Background: Mechanical stress and pathological signaling trigger the activation of fibroblasts to myofibroblasts, which impacts extracellular matrix composition, disrupts normal wound healing, and can generate deleterious fibrosis. Myocardial fibrosis independently promotes cardiac arrhythmias, sudden cardiac arrest, and contributes to the severity of heart failure. Fibrosis can also alter cell-to-cell communication and increase myocardial stiffness which eventually may lead to lusitropic and inotropic cardiac dysfunction. Human induced pluripotent stem cell derived cardiac fibroblasts (hiPSC-CFs) have the potential to enhance clinical relevance in precision disease modeling by facilitating the study of patient-specific phenotypes. However, it is unclear whether hiPSC-CFs can be activated to become myofibroblasts akin to primary cells, and the key signaling mechanisms in this process remain unidentified.

Objective: We aim to explore the notable changes in fibroblast phenotype upon passage-mediated activation of hiPSC-CFs with increased mitochondrial metabolism, like primary cardiac fibroblasts.

Methods: We activated the hiPSC-CFs with serial passaging from passage 0 to 3 (P0 to P3) and treatment of P0 with TGFβ1.

Results: Passage-mediated activation of hiPSC-CFs was associated with a gradual induction of genes to initiate the activation of these cells to myofibroblasts, including collagen, periostin, fibronectin, and collagen fiber processing enzymes with concomitant downregulation of cellular proliferation markers. Most importantly, canonical TGFβ1 and Hippo signaling component genes including TAZ were influenced by passaging hiPSC-CFs. Seahorse assay revealed that passaging and TGFβ1 treatment increased mitochondrial respiration, consistent with fibroblast activation requiring increased energy production, whereas treatment with the glutaminolysis inhibitor BPTES completely attenuated this process.

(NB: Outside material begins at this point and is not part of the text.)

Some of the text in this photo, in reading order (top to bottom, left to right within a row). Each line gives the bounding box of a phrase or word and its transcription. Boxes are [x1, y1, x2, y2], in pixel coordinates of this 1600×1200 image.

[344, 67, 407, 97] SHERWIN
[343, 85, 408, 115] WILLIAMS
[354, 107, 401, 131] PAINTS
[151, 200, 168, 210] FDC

Conclusion: Our study highlights that the hiPSC-CF passaging enhanced fibroblast activation, activated fibrotic signaling pathways, and enhanced mitochondrial metabolism approximating what has been reported in primary cardiac fibroblasts. Thus, hiPSC-CFs may provide an accurate in vitro preclinical model for the cardiac fibrotic condition, which may facilitate the identification of putative anti-fibrotic therapies, including patient-specific approaches.

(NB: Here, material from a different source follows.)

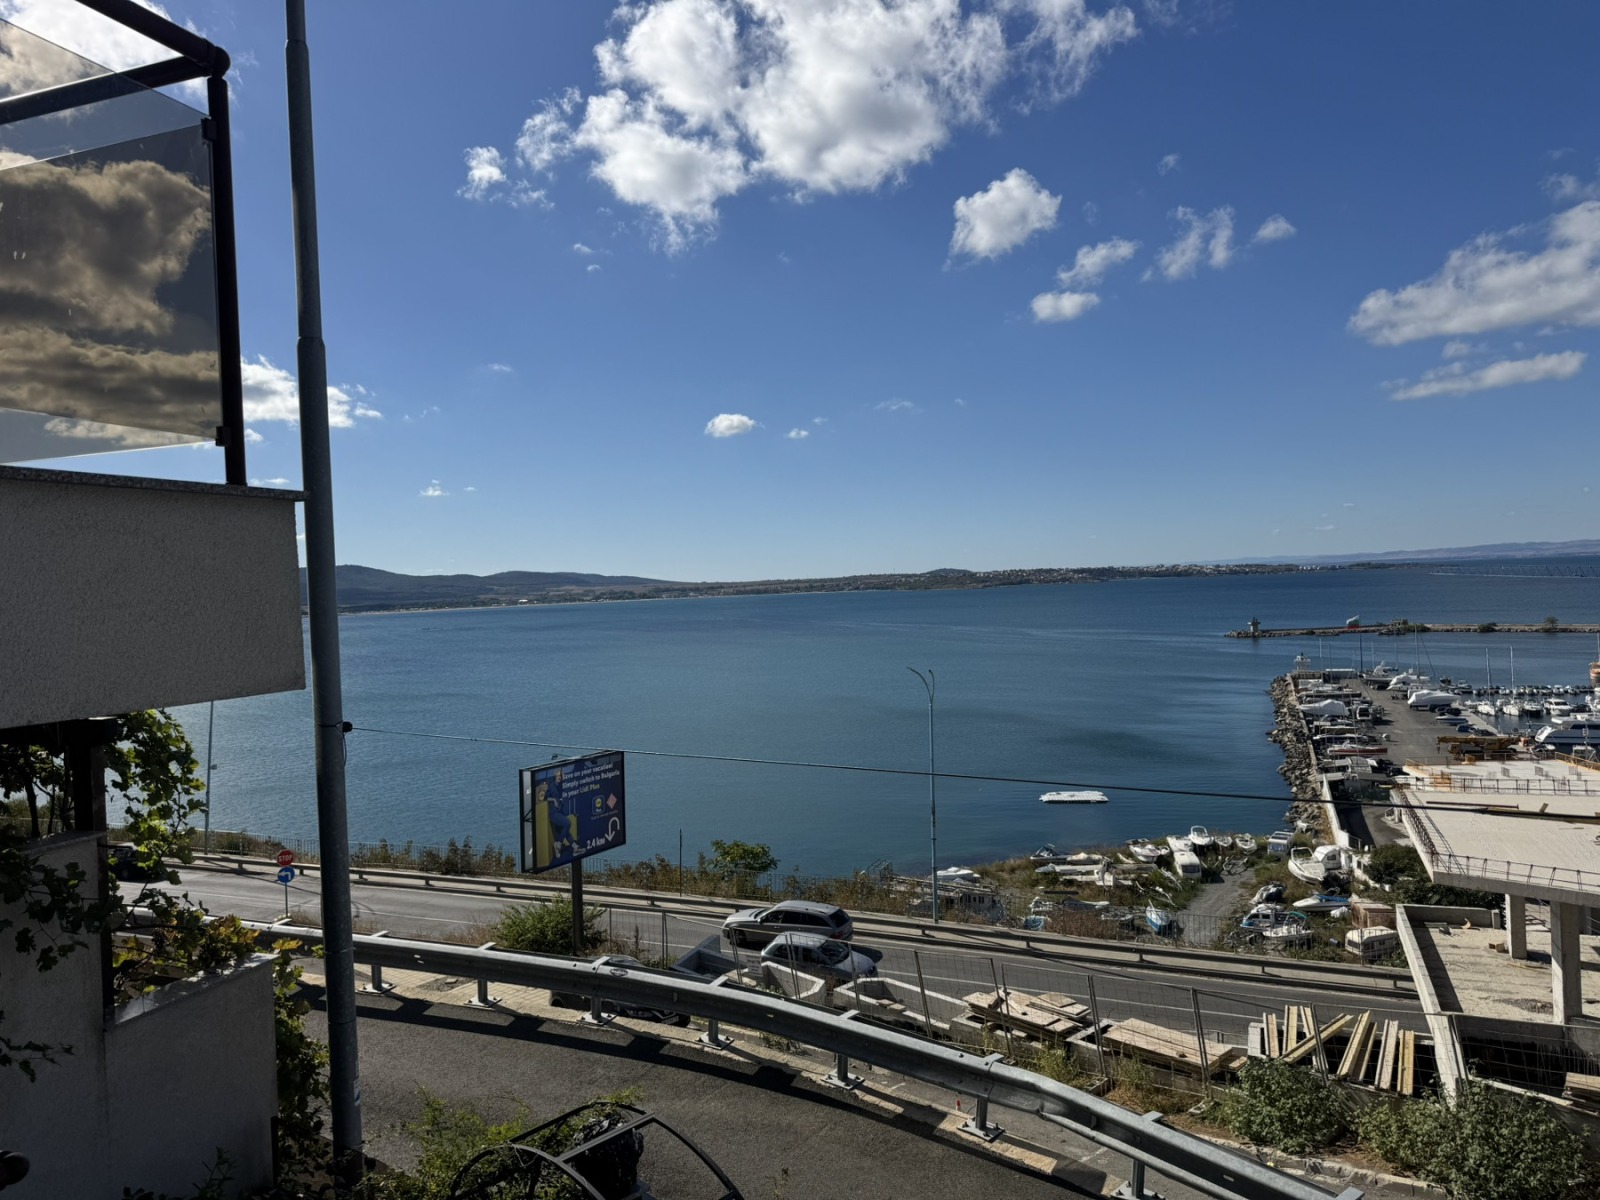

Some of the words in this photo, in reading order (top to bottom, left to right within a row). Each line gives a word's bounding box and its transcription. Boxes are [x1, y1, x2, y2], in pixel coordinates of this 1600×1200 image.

Keywords: arrhythmia; cardiac ECM; cardiac fibrosis; cardiac remodeling; fibroblast; induced pluripotent stem cells; myofibroblast.

Grants and funding

The author(s) declare that financial support was received for the research, authorship, and/or publication of this article. GFT research is supported by grants from the Canadian Institutes of Health Research (CIHR PJT488595) and the Stem Cell Network (FY21/ACCT2-13). The RAR research program is supported by The Heart and Stroke Foundation of Canada (G-22-0032033) and CIHR grants (PJT166105 and PJT180474). RN is supported by postdoctoral research fellowships from CIHR and Michael Smith Health Research BC. MPC is supported by a grant from CIHR (PJT162422).